No tearing, lady: I perceive you know it.

This is scarcely the milky Albany we met earlier. Forced by the sheer magnitude of the evil which has gripped the country, he has proven his own moral mettle. However, all this decency is for naught. He is almost comically ineffective : when Kent asks where the king is, Albany replies:

Great thing of us forgot!

Speak, Edmund, where's the king? and where's Cordelia?

Well, dead by now, is the answer: It might have helped things a little if you had a slightly better memory… And five seconds before the dead Cordelia is brought in by Lear, Albany exclaims: ‘The Gods defend her!’ As he is wrapping things up in the speech ‘Know our intent’, he talks of the ‘comfort’ that shall be applied, and finishes with the entirely wrong: ‘All friends shall taste/ The wages of their virtue, and all foes The cup of their deservings.’ But then he has to break off with ‘O see, see!’ as Lear realises that Cordelia is dead.  
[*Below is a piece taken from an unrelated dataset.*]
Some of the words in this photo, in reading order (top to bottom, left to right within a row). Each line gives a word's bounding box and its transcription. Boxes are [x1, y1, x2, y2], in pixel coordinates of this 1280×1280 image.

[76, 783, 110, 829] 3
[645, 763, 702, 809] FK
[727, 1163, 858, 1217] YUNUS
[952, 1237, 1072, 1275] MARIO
The critic Andrew Gurr writes:

Albany is the last remaining figure of authority… and what does he do with that authority? He first attempts to restore order, by returning things to the position they were in before Lear’s disastrous ‘darker purpose’ was revealed. Ignoring the collection of corpses accumulating off-stage, he declares ‘All friends shall taste/ The wages of their virtue, and all foes The cup of their deservings.’ But this well-intentioned statement is a nonsense, as Lear immediately tells him. Dismissing the simple-minded thought that there is any chance of virtue ever being rewarded, Lear says – ‘And my poor fool is hanged!’ Every word of that searing sentence locks onto the events of the play. The connective ‘And’ shows it is Lear’s answer to Albany’s proclamation – how can you say such a thing when Cordelia is dead?

Finally, aware of his own unworthiness and inadequacy, Albany hands over his claim in the kingdom to Edgar.
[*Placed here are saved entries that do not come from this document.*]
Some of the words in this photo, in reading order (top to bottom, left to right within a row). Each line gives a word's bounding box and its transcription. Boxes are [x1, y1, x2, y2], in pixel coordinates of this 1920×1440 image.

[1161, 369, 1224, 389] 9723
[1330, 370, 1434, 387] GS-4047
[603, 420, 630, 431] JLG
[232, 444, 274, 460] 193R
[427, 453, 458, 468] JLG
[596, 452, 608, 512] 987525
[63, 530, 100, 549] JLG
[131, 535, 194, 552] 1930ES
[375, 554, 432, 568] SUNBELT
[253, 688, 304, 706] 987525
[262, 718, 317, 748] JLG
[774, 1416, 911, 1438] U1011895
Kent is very different: here we have the unwaveringly consistent voice of loyalty, and more importantly the crystal-sharp vision that Albany lacks. In his first full speech in I i, 144ff, we see his fearless and selfless rebuking of Lear : “Be Kent unmannerly / When Lear is mad.” ·  What wilt thou do, old man?

Think'st thou that duty shall have dread to speak,

When power to flattery bows? To plainness honour's bound,

When majesty stoops to folly. Reverse thy doom;

And, in thy best consideration, cheque

This hideous rashness.

And, significantly in terms of the key blindness trope, ‘See better, Lear’. Three scenes later he returns in disguise, again at considerable risk to himself, to serve his master loyally. He is, he says as a countryman ‘A very honest-hearted fellow, and as poor as the king.’ And he rightly says that he can deliver a plain message bluntly’. In Act 2 scene 2 he has his confrontation with Oswald, the very opposite kind of servant ‘A knave; a rascal; an eater of broken meats’ and so on. He suffers as a result, being put in the stocks. As he wisely says at the end of that scene, in a brief soliloquy, and using one of the key words of the play: ‘Nothing almost sees miracles but misery.’ In other words, you have to be lowly to see the truth. He goes on to try to protect the King on the heath in the storm scenes III ii and iv. Closely identified with Cordelia in the first scene, he then reunites with her in 4 7, stating selflessly:

To be acknowledged, madam, is o'erpaid.

All my reports go with the modest truth;

Nor more nor clipp'd, but so.

Finally, at the end of the play he has the ultimate judgement on what has happened: ‘all’s cheerless, dark and deadly.’ He leaves completely broken-hearted : ‘My master calls me, I must not say no.’ 

These two ‘lesser’ characters are stitched into the fabric of the story, touching repeatedly on key ideas of the play. They are similar in their fundamental decency, different in their emotional and intellectual intelligence. In the end, though, neither of them is able to mitigate or deflect the horror of this tragedy.